The PBoC's monetary policy implementation report also emphasized its focus on
the policy effect on the real economy's credit cost. It is the structural
policy measures taken by the PBoC that have led some market participants to
believe that the goal of monetary policy is shifting to "credit
easing" in order to support the real economy while maintaining monetary
stability. In addition, as the pace of local bond issuance slows down in the
first half of the year, the peak of local bond issuance shifts to the third and
fourth quarters. Infrastructure investment financed by special bonds may also
support credit expansion in the second half of the year.
In particular, many market participants who hold "credit
easing" expectations are based on the opinions of Sun Guofeng,
Director-General of the Monetary Policy Department of the PBoC,
that "the growth rate of broad money supply (M2) and social financing
scale should basically match the nominal economic growth rate". As a
result, market participants believe that with M2 growth and social financing growth both falling in the first half of the
year, achieving the intermediary target will require higher social financing
growth in subsequent months.
Of course, in the view of those who hold the expectations of
"tight credit", under the condition of "monetary
stability", the PBoC will face many difficulties
in promoting "credit easing". The main difficulties are the pressure
of "three red lines" on real estate investment and the continuous
tightening of the real estate market regulation policy; under the pressure of
"risk prevention", the expansion of local hidden
debt is restrained; the impact of tighter policies on Internet companies
and public services under the "common prosperity"
policy continues to hit the direct financing market. These structural
tightening policies do not, in fact, achieve overall credit
easing. In other words, there is no overall policy orientation to promote
"credit easing" in macro policies.
From the perspective of the transmission of money and credit,
researchers at ANBOUND believe that the realization of credit easing depends
not only on monetary policy, but also on the environment of financial
institutions and the real economy. Whether credit is loose or not does not
completely represent the orientation of the PBoC's monetary policy. The
structural policies adopted by the PBoC actually hope to improve the financial
environment and the real economic environment and realize the effective
utilization of financial resources, which cannot be simply understood as the
promotion of overall credit. Under the goal of stable growth and risk
prevention, the structural monetary policy of "rural revitalization"
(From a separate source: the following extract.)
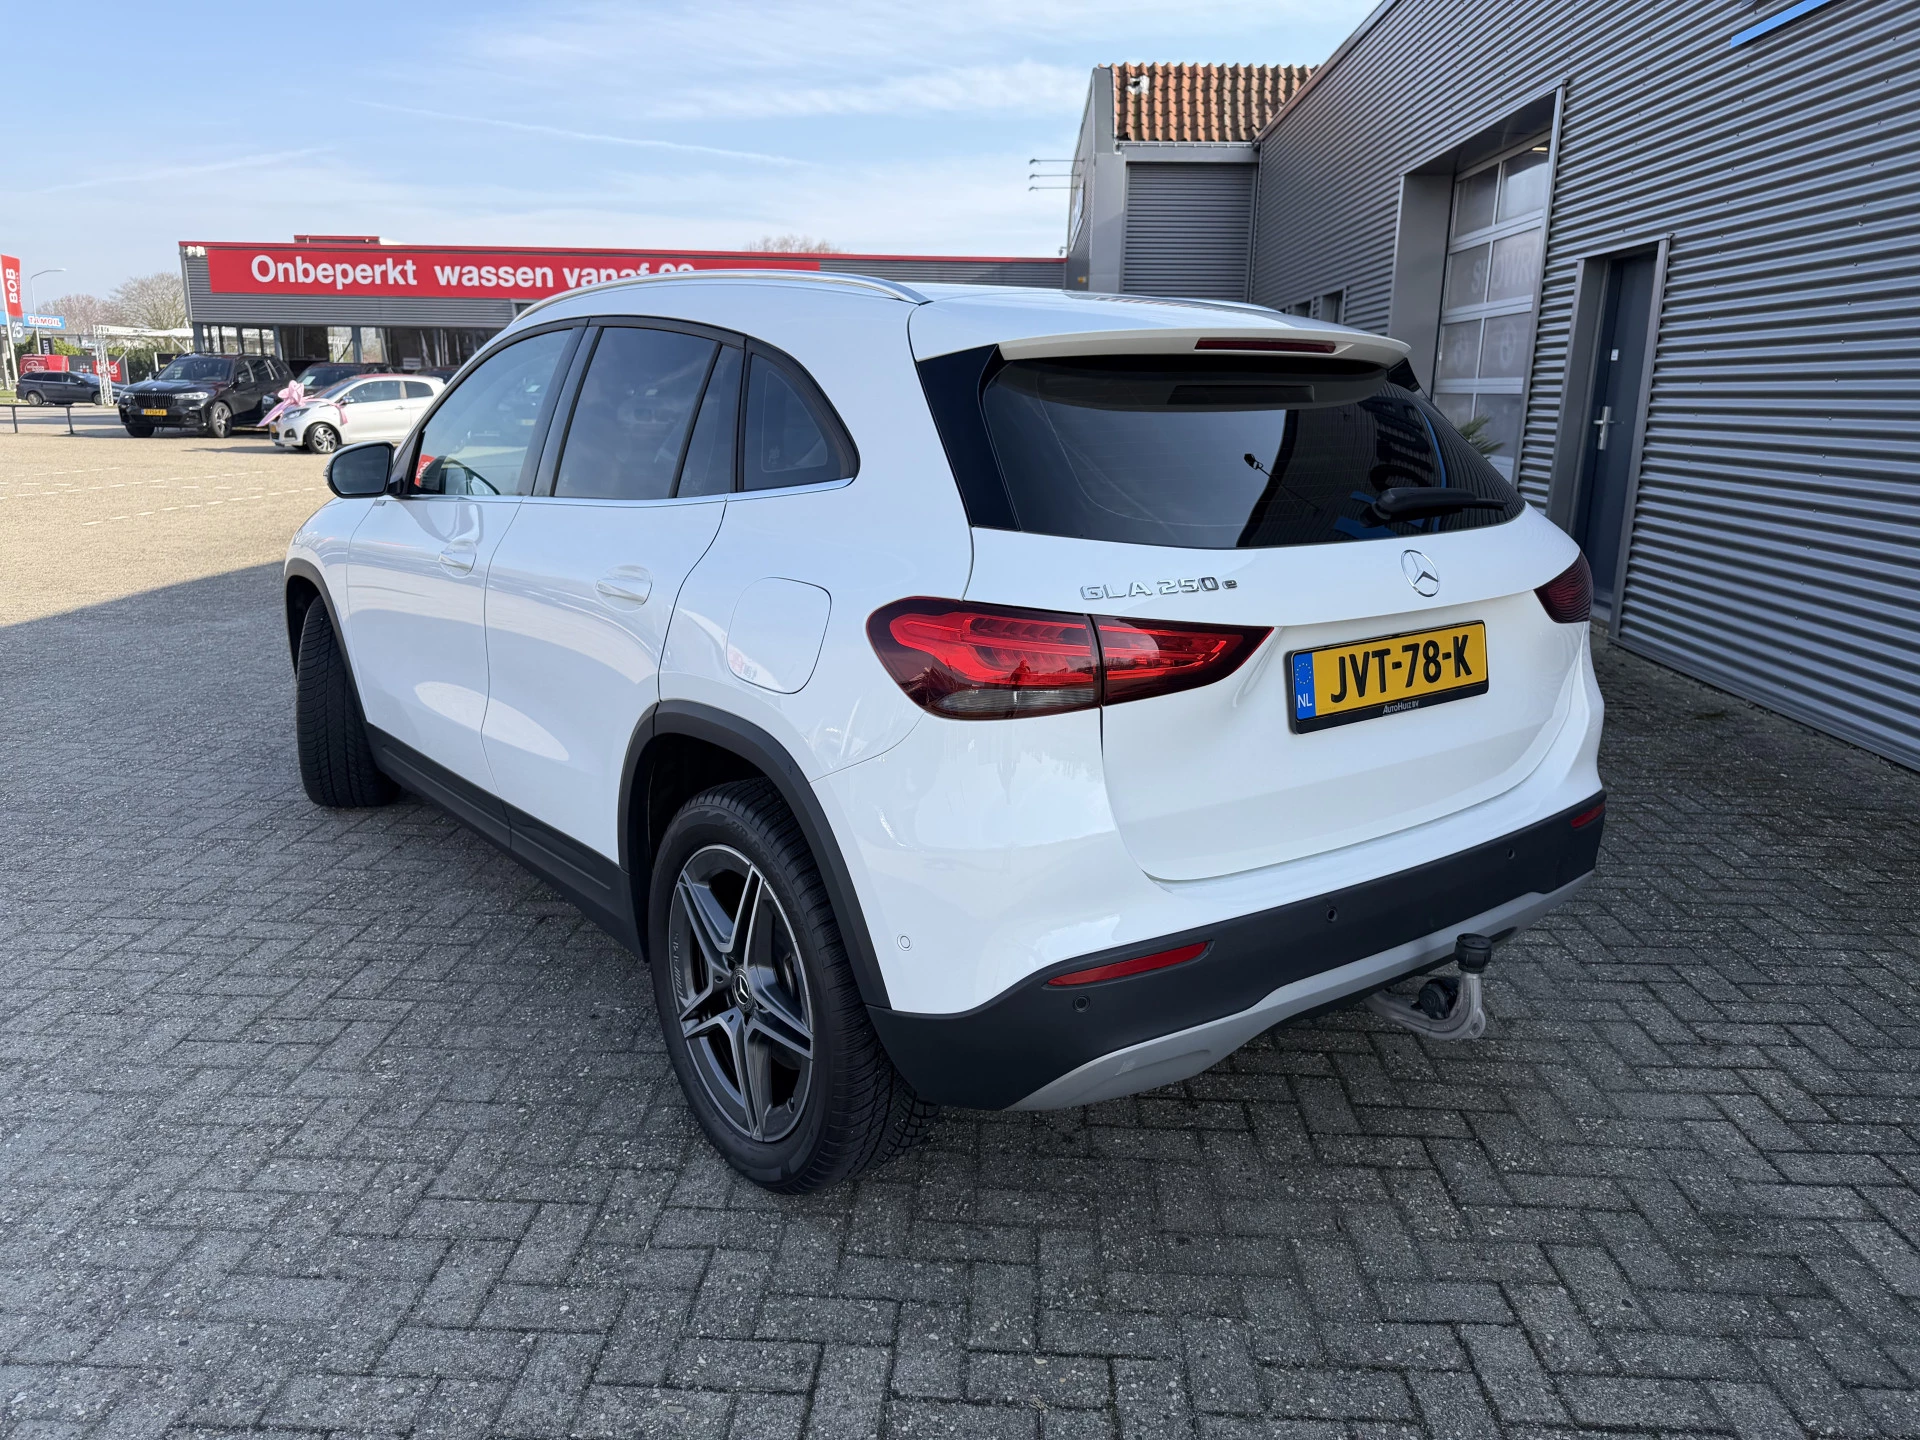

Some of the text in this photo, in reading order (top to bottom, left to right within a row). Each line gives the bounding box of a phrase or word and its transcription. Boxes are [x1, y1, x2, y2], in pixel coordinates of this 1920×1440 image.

and encouraging the development of small and medium-sized
enterprises may bring about structural changes in credit, but on the whole,
credit has not yet changed.
Therefore, the debate on credit "easing and
tightening" still needs to be considered in a longer-term framework based
on the policy of "cross-cyclical adjustment". The purpose of
"cross-cyclical adjustment" is to reduce the fluctuation of the
business cycle. From this point of view, the monetary policy of the PBoC is
actually to stabilize credit on the basis of "monetary stability", so
as to reduce economic fluctuations and cultivate endogenous economic
momentum in a stable environment.
Final analysis conclusion:
The logic of PBoC's monetary policy has not changed.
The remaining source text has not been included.